> [Work request] Below are the records; restate all of them word for word.

====== Source information

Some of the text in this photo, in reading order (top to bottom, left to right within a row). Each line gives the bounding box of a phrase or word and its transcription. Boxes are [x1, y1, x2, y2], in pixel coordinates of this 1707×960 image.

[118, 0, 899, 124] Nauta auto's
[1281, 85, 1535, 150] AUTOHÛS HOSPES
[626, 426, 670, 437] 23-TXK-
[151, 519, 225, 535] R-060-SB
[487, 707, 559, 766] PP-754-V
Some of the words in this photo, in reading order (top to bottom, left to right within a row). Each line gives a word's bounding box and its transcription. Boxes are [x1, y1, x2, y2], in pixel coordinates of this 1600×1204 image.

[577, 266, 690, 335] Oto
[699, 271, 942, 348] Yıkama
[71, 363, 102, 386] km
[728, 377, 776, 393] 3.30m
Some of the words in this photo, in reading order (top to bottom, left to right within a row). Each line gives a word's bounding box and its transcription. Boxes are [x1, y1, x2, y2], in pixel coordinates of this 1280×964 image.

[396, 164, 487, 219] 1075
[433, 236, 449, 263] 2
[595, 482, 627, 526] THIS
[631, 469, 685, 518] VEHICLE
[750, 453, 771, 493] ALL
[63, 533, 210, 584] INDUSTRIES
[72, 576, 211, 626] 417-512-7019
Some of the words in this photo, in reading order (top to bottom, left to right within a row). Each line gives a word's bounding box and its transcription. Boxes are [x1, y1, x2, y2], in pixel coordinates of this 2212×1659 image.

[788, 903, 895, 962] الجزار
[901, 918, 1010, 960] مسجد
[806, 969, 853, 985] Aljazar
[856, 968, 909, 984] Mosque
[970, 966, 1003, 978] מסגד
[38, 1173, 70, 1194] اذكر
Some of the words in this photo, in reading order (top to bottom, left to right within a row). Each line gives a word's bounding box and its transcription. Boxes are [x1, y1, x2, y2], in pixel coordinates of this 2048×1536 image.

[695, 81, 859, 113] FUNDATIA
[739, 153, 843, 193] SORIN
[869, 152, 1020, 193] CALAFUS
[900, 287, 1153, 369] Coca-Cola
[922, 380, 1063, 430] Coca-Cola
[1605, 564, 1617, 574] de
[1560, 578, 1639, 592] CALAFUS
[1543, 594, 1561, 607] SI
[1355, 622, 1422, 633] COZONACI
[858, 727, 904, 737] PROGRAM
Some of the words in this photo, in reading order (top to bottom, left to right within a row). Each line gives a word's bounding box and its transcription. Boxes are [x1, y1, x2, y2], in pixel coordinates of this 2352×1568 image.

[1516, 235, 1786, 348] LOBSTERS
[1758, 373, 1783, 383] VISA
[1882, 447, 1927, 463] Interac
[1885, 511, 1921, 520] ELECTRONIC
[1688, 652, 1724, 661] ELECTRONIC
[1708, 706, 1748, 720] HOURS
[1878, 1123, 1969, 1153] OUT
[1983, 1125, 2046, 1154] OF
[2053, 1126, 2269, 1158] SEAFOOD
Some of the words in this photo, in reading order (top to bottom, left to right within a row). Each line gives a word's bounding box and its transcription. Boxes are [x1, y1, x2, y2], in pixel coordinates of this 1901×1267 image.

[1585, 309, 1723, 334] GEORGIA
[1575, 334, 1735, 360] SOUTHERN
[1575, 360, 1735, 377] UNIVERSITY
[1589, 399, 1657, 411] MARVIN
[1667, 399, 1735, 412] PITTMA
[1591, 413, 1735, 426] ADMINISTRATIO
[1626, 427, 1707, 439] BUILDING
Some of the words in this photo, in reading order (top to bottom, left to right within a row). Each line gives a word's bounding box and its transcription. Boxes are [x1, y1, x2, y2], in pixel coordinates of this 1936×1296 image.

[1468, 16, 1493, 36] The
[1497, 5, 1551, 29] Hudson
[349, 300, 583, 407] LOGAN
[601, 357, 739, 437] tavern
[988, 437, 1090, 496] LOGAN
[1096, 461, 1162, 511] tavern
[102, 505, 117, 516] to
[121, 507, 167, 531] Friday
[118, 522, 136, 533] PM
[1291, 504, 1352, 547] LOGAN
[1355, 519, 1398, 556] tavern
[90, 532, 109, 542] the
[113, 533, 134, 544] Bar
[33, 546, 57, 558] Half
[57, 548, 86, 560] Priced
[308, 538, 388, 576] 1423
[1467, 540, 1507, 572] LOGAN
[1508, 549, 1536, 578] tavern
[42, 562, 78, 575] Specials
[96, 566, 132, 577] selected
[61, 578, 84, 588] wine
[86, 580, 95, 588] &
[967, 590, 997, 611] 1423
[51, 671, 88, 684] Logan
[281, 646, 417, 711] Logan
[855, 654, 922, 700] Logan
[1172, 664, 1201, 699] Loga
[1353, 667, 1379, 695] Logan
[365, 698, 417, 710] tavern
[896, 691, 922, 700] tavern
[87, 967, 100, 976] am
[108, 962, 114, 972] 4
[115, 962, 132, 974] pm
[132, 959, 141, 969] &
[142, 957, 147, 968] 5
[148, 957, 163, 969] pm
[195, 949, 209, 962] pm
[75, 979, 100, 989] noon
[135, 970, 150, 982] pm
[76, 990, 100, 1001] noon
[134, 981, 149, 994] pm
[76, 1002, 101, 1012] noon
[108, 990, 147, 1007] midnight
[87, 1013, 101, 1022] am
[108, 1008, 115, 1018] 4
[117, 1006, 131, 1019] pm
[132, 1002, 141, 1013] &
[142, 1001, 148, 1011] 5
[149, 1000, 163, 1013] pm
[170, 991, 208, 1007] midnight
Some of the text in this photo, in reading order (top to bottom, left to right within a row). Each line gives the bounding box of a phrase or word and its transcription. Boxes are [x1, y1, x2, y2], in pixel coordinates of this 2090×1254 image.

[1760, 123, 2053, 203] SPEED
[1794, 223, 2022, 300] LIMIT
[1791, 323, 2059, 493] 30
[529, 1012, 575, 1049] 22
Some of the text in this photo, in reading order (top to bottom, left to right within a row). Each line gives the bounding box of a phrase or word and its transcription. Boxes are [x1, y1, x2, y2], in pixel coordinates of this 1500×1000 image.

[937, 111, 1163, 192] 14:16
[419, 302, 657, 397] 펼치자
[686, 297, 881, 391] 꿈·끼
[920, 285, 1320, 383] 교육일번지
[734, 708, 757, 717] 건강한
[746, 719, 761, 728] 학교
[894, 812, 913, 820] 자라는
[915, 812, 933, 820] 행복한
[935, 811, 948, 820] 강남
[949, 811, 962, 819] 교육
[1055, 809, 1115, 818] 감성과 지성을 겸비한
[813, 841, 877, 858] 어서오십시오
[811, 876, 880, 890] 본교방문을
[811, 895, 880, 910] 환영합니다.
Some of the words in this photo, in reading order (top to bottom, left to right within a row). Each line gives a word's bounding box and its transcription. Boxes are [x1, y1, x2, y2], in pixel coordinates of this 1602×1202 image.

============

> [Finished task]
Some of the text in this photo, in reading order (top to bottom, left to right within a row). Each line gives the bounding box of a phrase or word and its transcription. Boxes are [x1, y1, x2, y2], in pixel coordinates of this 1707×960 image.

[118, 0, 899, 124] Nauta auto's
[1281, 85, 1535, 150] AUTOHÛS HOSPES
[626, 426, 670, 437] 23-TXK-
[151, 519, 225, 535] R-060-SB
[487, 707, 559, 766] PP-754-V
Some of the words in this photo, in reading order (top to bottom, left to right within a row). Each line gives a word's bounding box and its transcription. Boxes are [x1, y1, x2, y2], in pixel coordinates of this 1600×1204 image.

[577, 266, 690, 335] Oto
[699, 271, 942, 348] Yıkama
[71, 363, 102, 386] km
[728, 377, 776, 393] 3.30m
Some of the words in this photo, in reading order (top to bottom, left to right within a row). Each line gives a word's bounding box and its transcription. Boxes are [x1, y1, x2, y2], in pixel coordinates of this 1280×964 image.

[396, 164, 487, 219] 1075
[433, 236, 449, 263] 2
[595, 482, 627, 526] THIS
[631, 469, 685, 518] VEHICLE
[750, 453, 771, 493] ALL
[63, 533, 210, 584] INDUSTRIES
[72, 576, 211, 626] 417-512-7019
Some of the words in this photo, in reading order (top to bottom, left to right within a row). Each line gives a word's bounding box and its transcription. Boxes are [x1, y1, x2, y2], in pixel coordinates of this 2212×1659 image.

[788, 903, 895, 962] الجزار
[901, 918, 1010, 960] مسجد
[806, 969, 853, 985] Aljazar
[856, 968, 909, 984] Mosque
[970, 966, 1003, 978] מסגד
[38, 1173, 70, 1194] اذكر
Some of the words in this photo, in reading order (top to bottom, left to right within a row). Each line gives a word's bounding box and its transcription. Boxes are [x1, y1, x2, y2], in pixel coordinates of this 2048×1536 image.

[695, 81, 859, 113] FUNDATIA
[739, 153, 843, 193] SORIN
[869, 152, 1020, 193] CALAFUS
[900, 287, 1153, 369] Coca-Cola
[922, 380, 1063, 430] Coca-Cola
[1605, 564, 1617, 574] de
[1560, 578, 1639, 592] CALAFUS
[1543, 594, 1561, 607] SI
[1355, 622, 1422, 633] COZONACI
[858, 727, 904, 737] PROGRAM
Some of the words in this photo, in reading order (top to bottom, left to right within a row). Each line gives a word's bounding box and its transcription. Boxes are [x1, y1, x2, y2], in pixel coordinates of this 2352×1568 image.

[1516, 235, 1786, 348] LOBSTERS
[1758, 373, 1783, 383] VISA
[1882, 447, 1927, 463] Interac
[1885, 511, 1921, 520] ELECTRONIC
[1688, 652, 1724, 661] ELECTRONIC
[1708, 706, 1748, 720] HOURS
[1878, 1123, 1969, 1153] OUT
[1983, 1125, 2046, 1154] OF
[2053, 1126, 2269, 1158] SEAFOOD
Some of the words in this photo, in reading order (top to bottom, left to right within a row). Each line gives a word's bounding box and its transcription. Boxes are [x1, y1, x2, y2], in pixel coordinates of this 1901×1267 image.

[1585, 309, 1723, 334] GEORGIA
[1575, 334, 1735, 360] SOUTHERN
[1575, 360, 1735, 377] UNIVERSITY
[1589, 399, 1657, 411] MARVIN
[1667, 399, 1735, 412] PITTMA
[1591, 413, 1735, 426] ADMINISTRATIO
[1626, 427, 1707, 439] BUILDING
Some of the words in this photo, in reading order (top to bottom, left to right within a row). Each line gives a word's bounding box and its transcription. Boxes are [x1, y1, x2, y2], in pixel coordinates of this 1936×1296 image.

[1468, 16, 1493, 36] The
[1497, 5, 1551, 29] Hudson
[349, 300, 583, 407] LOGAN
[601, 357, 739, 437] tavern
[988, 437, 1090, 496] LOGAN
[1096, 461, 1162, 511] tavern
[102, 505, 117, 516] to
[121, 507, 167, 531] Friday
[118, 522, 136, 533] PM
[1291, 504, 1352, 547] LOGAN
[1355, 519, 1398, 556] tavern
[90, 532, 109, 542] the
[113, 533, 134, 544] Bar
[33, 546, 57, 558] Half
[57, 548, 86, 560] Priced
[308, 538, 388, 576] 1423
[1467, 540, 1507, 572] LOGAN
[1508, 549, 1536, 578] tavern
[42, 562, 78, 575] Specials
[96, 566, 132, 577] selected
[61, 578, 84, 588] wine
[86, 580, 95, 588] &
[967, 590, 997, 611] 1423
[51, 671, 88, 684] Logan
[281, 646, 417, 711] Logan
[855, 654, 922, 700] Logan
[1172, 664, 1201, 699] Loga
[1353, 667, 1379, 695] Logan
[365, 698, 417, 710] tavern
[896, 691, 922, 700] tavern
[87, 967, 100, 976] am
[108, 962, 114, 972] 4
[115, 962, 132, 974] pm
[132, 959, 141, 969] &
[142, 957, 147, 968] 5
[148, 957, 163, 969] pm
[195, 949, 209, 962] pm
[75, 979, 100, 989] noon
[135, 970, 150, 982] pm
[76, 990, 100, 1001] noon
[134, 981, 149, 994] pm
[76, 1002, 101, 1012] noon
[108, 990, 147, 1007] midnight
[87, 1013, 101, 1022] am
[108, 1008, 115, 1018] 4
[117, 1006, 131, 1019] pm
[132, 1002, 141, 1013] &
[142, 1001, 148, 1011] 5
[149, 1000, 163, 1013] pm
[170, 991, 208, 1007] midnight
Some of the text in this photo, in reading order (top to bottom, left to right within a row). Each line gives the bounding box of a phrase or word and its transcription. Boxes are [x1, y1, x2, y2], in pixel coordinates of this 2090×1254 image.

[1760, 123, 2053, 203] SPEED
[1794, 223, 2022, 300] LIMIT
[1791, 323, 2059, 493] 30
[529, 1012, 575, 1049] 22
Some of the text in this photo, in reading order (top to bottom, left to right within a row). Each line gives the bounding box of a phrase or word and its transcription. Boxes are [x1, y1, x2, y2], in pixel coordinates of this 1500×1000 image.

[937, 111, 1163, 192] 14:16
[419, 302, 657, 397] 펼치자
[686, 297, 881, 391] 꿈·끼
[920, 285, 1320, 383] 교육일번지
[734, 708, 757, 717] 건강한
[746, 719, 761, 728] 학교
[894, 812, 913, 820] 자라는
[915, 812, 933, 820] 행복한
[935, 811, 948, 820] 강남
[949, 811, 962, 819] 교육
[1055, 809, 1115, 818] 감성과 지성을 겸비한
[813, 841, 877, 858] 어서오십시오
[811, 876, 880, 890] 본교방문을
[811, 895, 880, 910] 환영합니다.
Some of the words in this photo, in reading order (top to bottom, left to right within a row). Each line gives a word's bounding box and its transcription. Boxes are [x1, y1, x2, y2], in pixel coordinates of this 1602×1202 image.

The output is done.